Can I use my microwave oven for canning? And how about blanching?
Canning: Neither microwave nor regular ovens are recommended for canning. A canning kettle with a rack, used on top of your range, will ensure the high and consistent heat necessary for safe canning.
Blanching: Blanching is required for most vegetables prior to freezing. It means immersing in boiling water for a specified time, then quickly cooling and draining dry to destroy enzymes, some bacteria, or to loosen skins.
You can blanch up to four cups or one pound (500 grams) of produce in your microwave oven (see below). While one batch cooks, you can be preparing the next.
Home gardeners can pick, blanch and freeze their produce in small batches as soon as it reaches its tender peak of perfection.
Very small quantities – not more than two cups – can be cooked in a plastic colander set in a casserole. This is very useful for small vegetables, like peas or corn cut off the cob, which can be cooked, plunged into ice-water, and drained with no handling at all. Stir while chilling, to ensure a complete and even effect.
Loose pack freezing: “Loose pack” frozen vegetables defrost more quickly and evenly, and are also more practical – there is no need to defrost a large quantity when you only need a little. Spread dried, blanched vegetables on a cookie sheet and freeze until solid. Bag immediately, drawing out extra air before returning it to the freezer.
A la Carte, the Panasonic newsletter, recently printed an excellent summary of microwave blanching information, and we have been given permission to pass it on to you.

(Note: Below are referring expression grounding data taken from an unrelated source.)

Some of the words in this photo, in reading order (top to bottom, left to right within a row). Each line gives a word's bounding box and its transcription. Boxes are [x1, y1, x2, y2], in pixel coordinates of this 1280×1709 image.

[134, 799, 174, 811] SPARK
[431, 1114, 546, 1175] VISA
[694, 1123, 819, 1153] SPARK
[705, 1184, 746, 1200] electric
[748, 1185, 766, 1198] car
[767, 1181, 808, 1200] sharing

It is a compilation of information from many microwave cookbooks and pamphlets.
1. Prepare small quantities of vegetables by washing, peeling, slicing or dicing into small uniform pieces.

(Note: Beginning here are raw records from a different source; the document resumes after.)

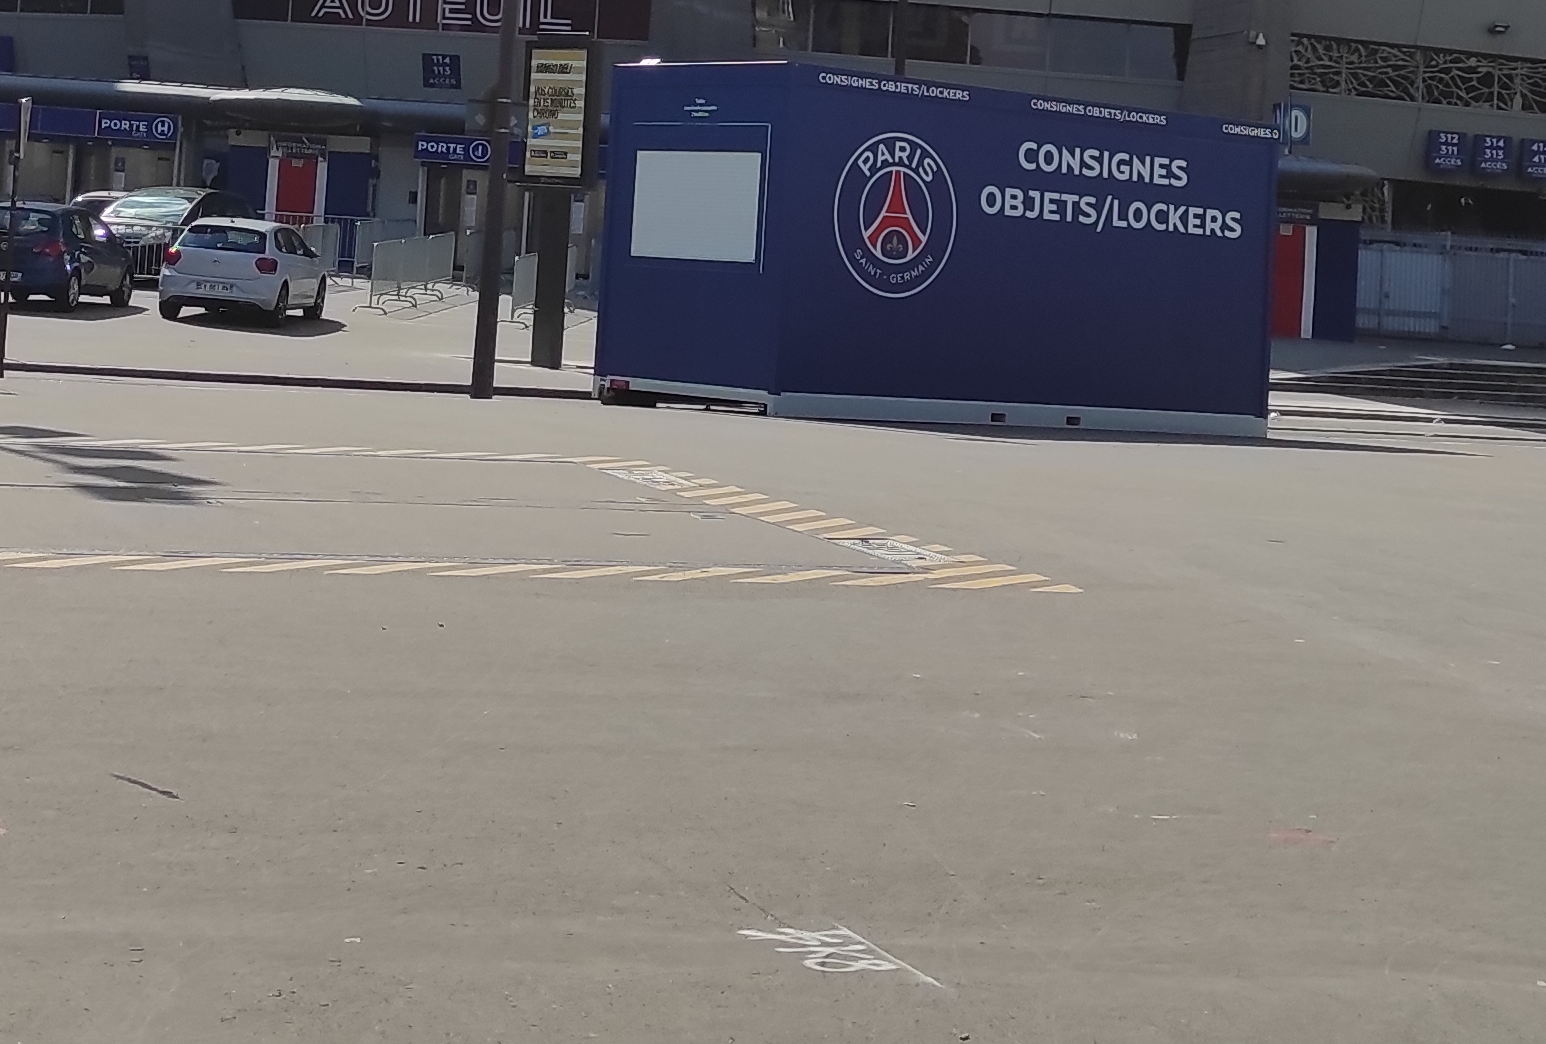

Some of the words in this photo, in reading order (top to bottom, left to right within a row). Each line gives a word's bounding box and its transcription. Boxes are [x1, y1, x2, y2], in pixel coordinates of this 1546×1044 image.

[431, 55, 451, 65] 114
[432, 66, 451, 75] 113
[818, 72, 879, 90] CONSIGNES
[880, 80, 970, 101] OBJETS/LOCKERS
[1030, 98, 1085, 115] CONSIGNES
[1086, 106, 1167, 125] OBJETS/LOCKERS
[101, 118, 148, 132] PORTE
[1222, 123, 1272, 139] CONSIGNES
[417, 140, 465, 155] PORTE
[1484, 137, 1505, 148] 314
[857, 140, 938, 183] PARIS
[1017, 141, 1189, 188] CONSIGNES
[979, 184, 1243, 240] OBJETS/LOCKERS

2. Use only 4 cups (1 litre) or 1 lb. (500 gm.) of vegetables at one time.
3. Use a 2 qt. (3 litre) casserole with 1/4- 1/2 cups (60 mL-125 mL) water. N.B.: Do not add salt.
4. Cover the casserole with its lid or rap.
5. Set power at High.
6. Use one-quarter of the time recommended for that vegetable in the microwave cookbook for the power of your oven.

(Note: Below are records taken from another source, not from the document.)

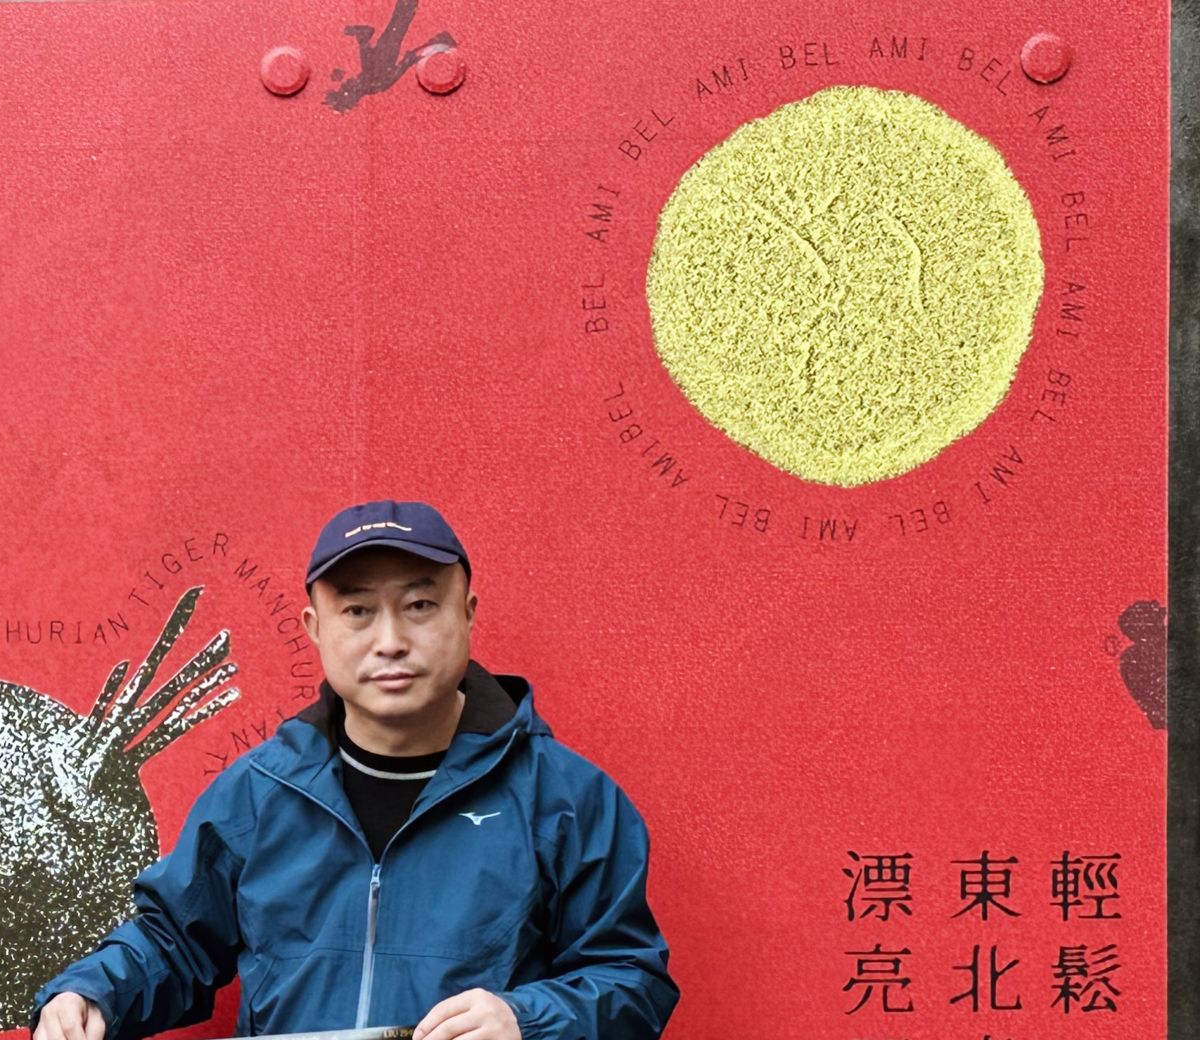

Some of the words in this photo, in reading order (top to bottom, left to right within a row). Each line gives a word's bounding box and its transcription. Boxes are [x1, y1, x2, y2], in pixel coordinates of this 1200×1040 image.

[779, 42, 839, 70] BEL
[868, 36, 929, 61] AMI
[957, 47, 1009, 96] BEL
[693, 58, 750, 99] AMI
[618, 110, 674, 161] BEL
[1029, 104, 1076, 162] AMI
[585, 184, 621, 243] AMI
[1061, 191, 1088, 253] BEL
[582, 274, 608, 333] BEL
[1055, 281, 1086, 340] AMI
[604, 381, 643, 444] BEL
[1031, 368, 1071, 424] BEL
[639, 438, 689, 489] AMI
[973, 445, 1024, 505] AMI
[715, 494, 771, 533] BEL
[801, 516, 858, 542] AMI
[888, 500, 951, 534] BEL
[128, 532, 230, 607] TIGER

7. Stir after half the heating time and at the end of the heating period. If the vegetables were evenly heated, the color should be uniformly bright.
8. Drain vegetables and immediately plunge them into ice water to prevent further cooking.
9. Drain well to remove excessive moisture or spread on paper towelling.
10. Package in freezer bags or cartons; remove excess air; label and place in the coldest area of the freezer.